## [What you will do]
Repeat every entry word for word, skipping the pictures.
-------- Available data --------
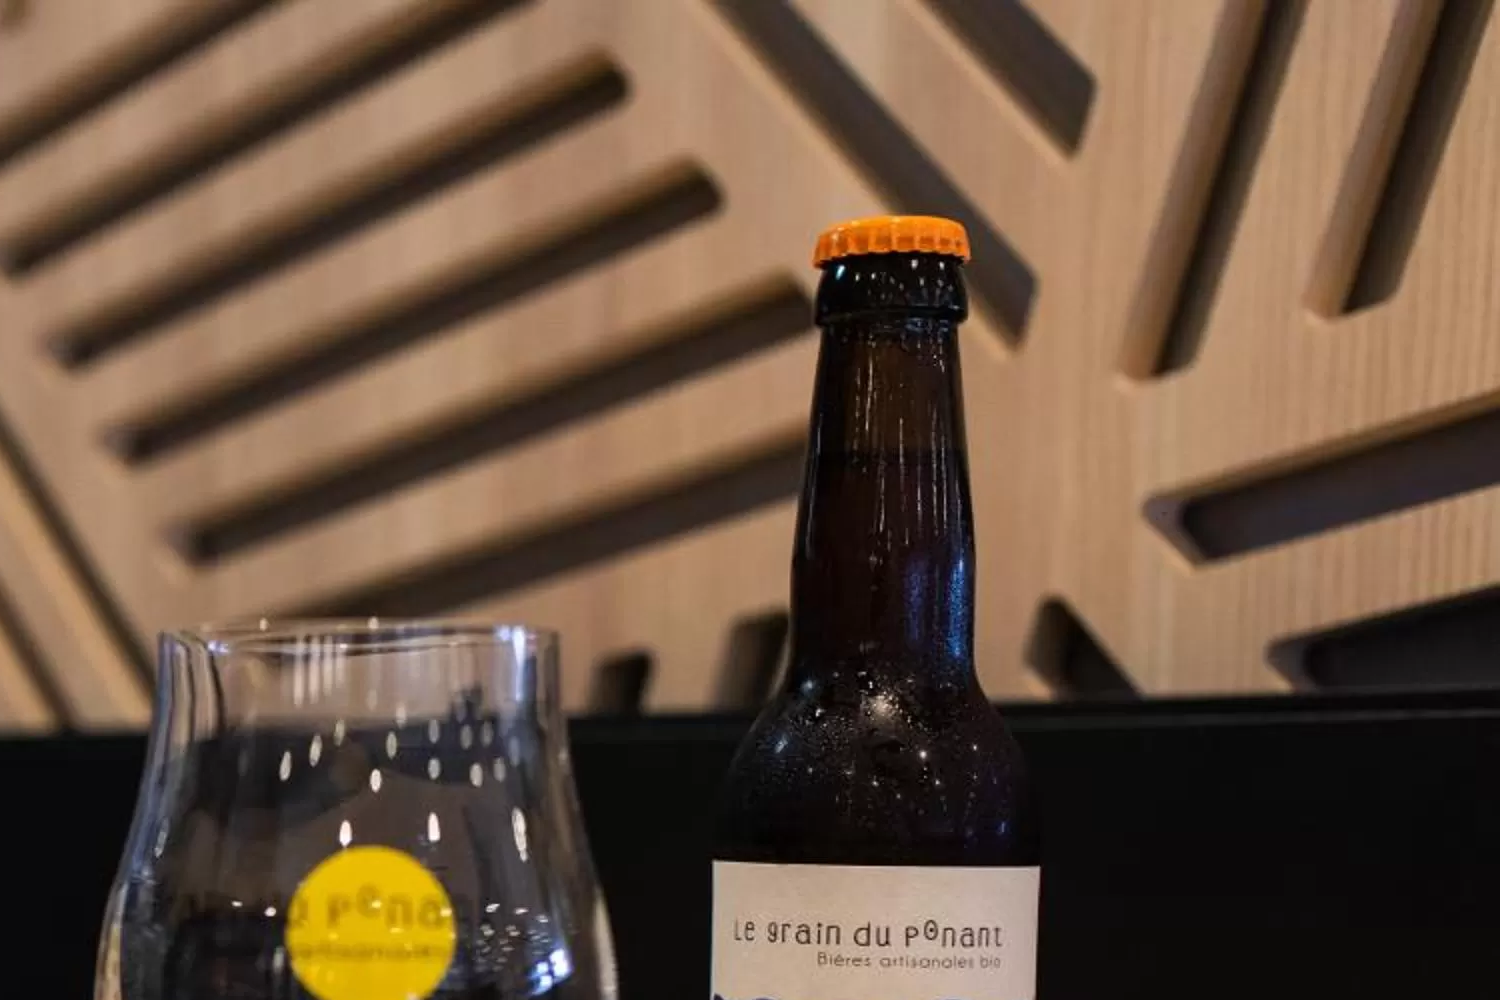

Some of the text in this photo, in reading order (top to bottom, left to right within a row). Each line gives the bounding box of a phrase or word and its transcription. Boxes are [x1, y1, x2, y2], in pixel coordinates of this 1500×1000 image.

[734, 917, 1003, 948] Le grain du Ponant
[817, 951, 1001, 969] Bières artisanales bio
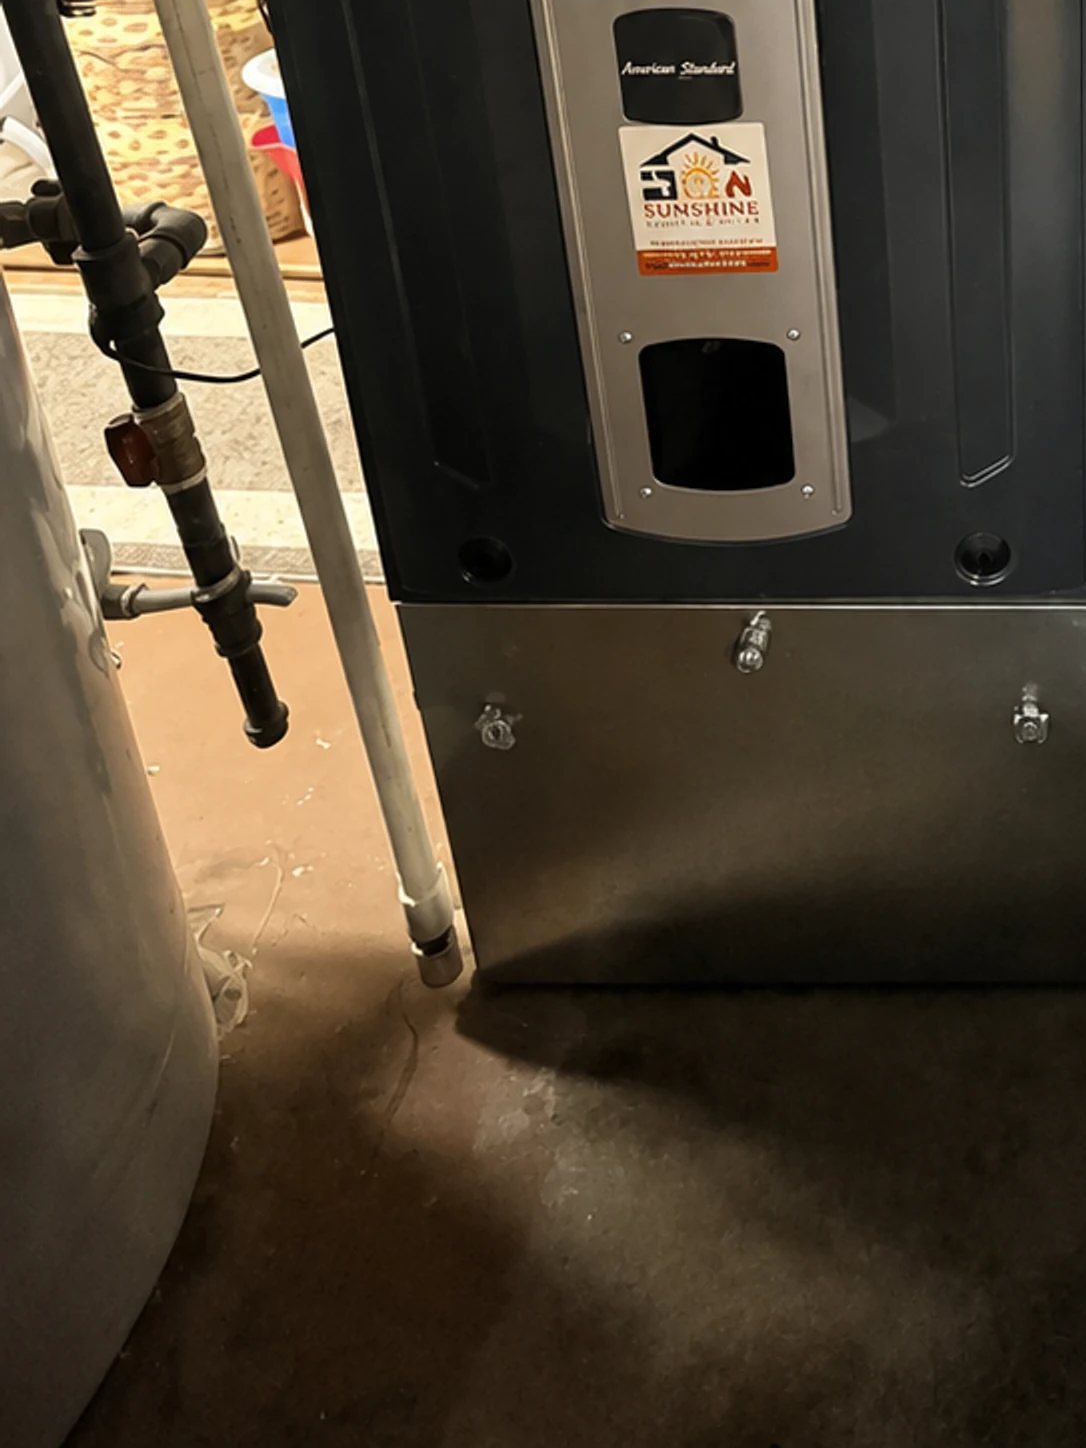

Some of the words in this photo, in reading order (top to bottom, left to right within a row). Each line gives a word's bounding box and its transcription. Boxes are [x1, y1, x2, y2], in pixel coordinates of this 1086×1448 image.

[621, 61, 676, 75] American
[680, 61, 736, 75] Standard
[644, 200, 759, 219] SUNSHINE
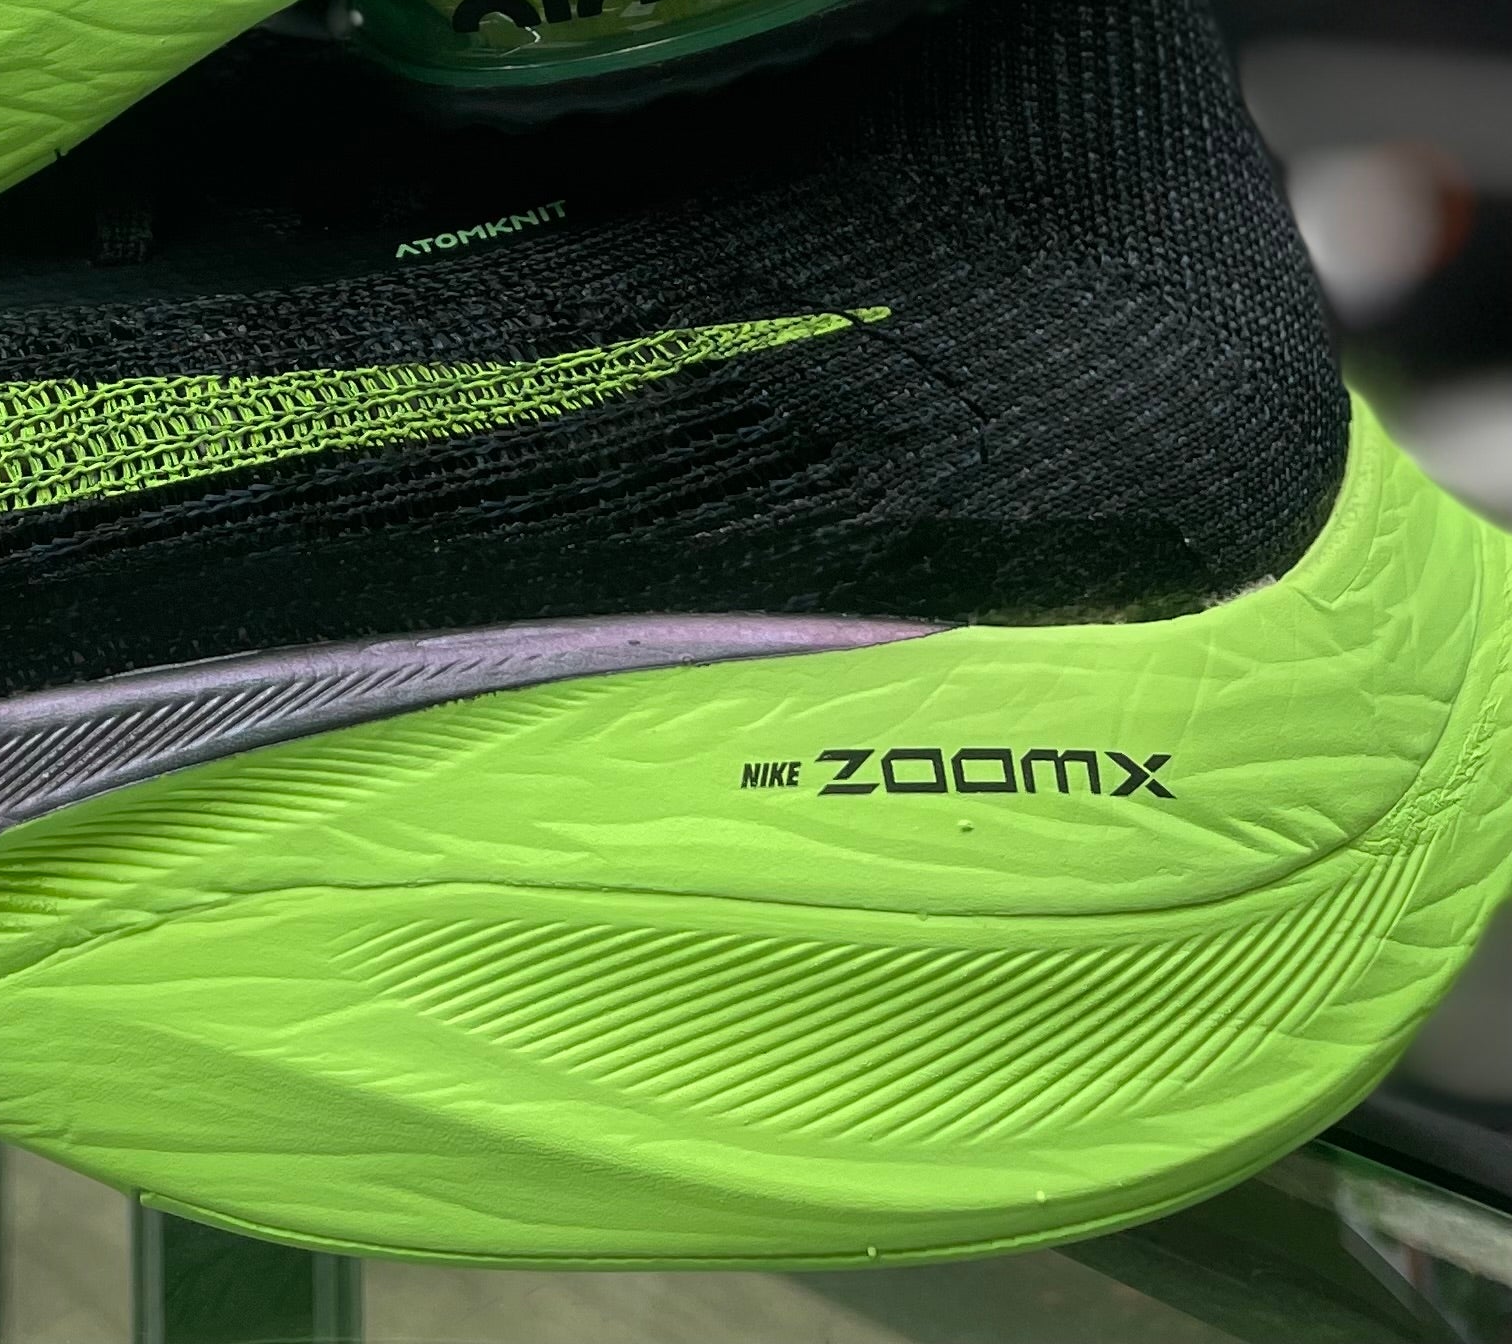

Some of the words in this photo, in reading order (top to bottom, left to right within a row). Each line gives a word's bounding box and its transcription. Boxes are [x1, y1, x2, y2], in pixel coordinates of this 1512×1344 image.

[395, 199, 566, 258] ATOMKNIT
[740, 760, 802, 789] NIKE
[814, 748, 1177, 799] ZOOMX
--------
## [Answer box]
Some of the text in this photo, in reading order (top to bottom, left to right within a row). Each line gives the bounding box of a phrase or word and its transcription. Boxes are [x1, y1, x2, y2], in pixel coordinates of this 1500×1000 image.

[734, 917, 1003, 948] Le grain du Ponant
[817, 951, 1001, 969] Bières artisanales bio

Some of the words in this photo, in reading order (top to bottom, left to right within a row). Each line gives a word's bounding box and its transcription. Boxes are [x1, y1, x2, y2], in pixel coordinates of this 1086×1448 image.

[621, 61, 676, 75] American
[680, 61, 736, 75] Standard
[644, 200, 759, 219] SUNSHINE

Some of the words in this photo, in reading order (top to bottom, left to right within a row). Each line gives a word's bounding box and its transcription. Boxes are [x1, y1, x2, y2], in pixel coordinates of this 1512×1344 image.

[395, 199, 566, 258] ATOMKNIT
[740, 760, 802, 789] NIKE
[814, 748, 1177, 799] ZOOMX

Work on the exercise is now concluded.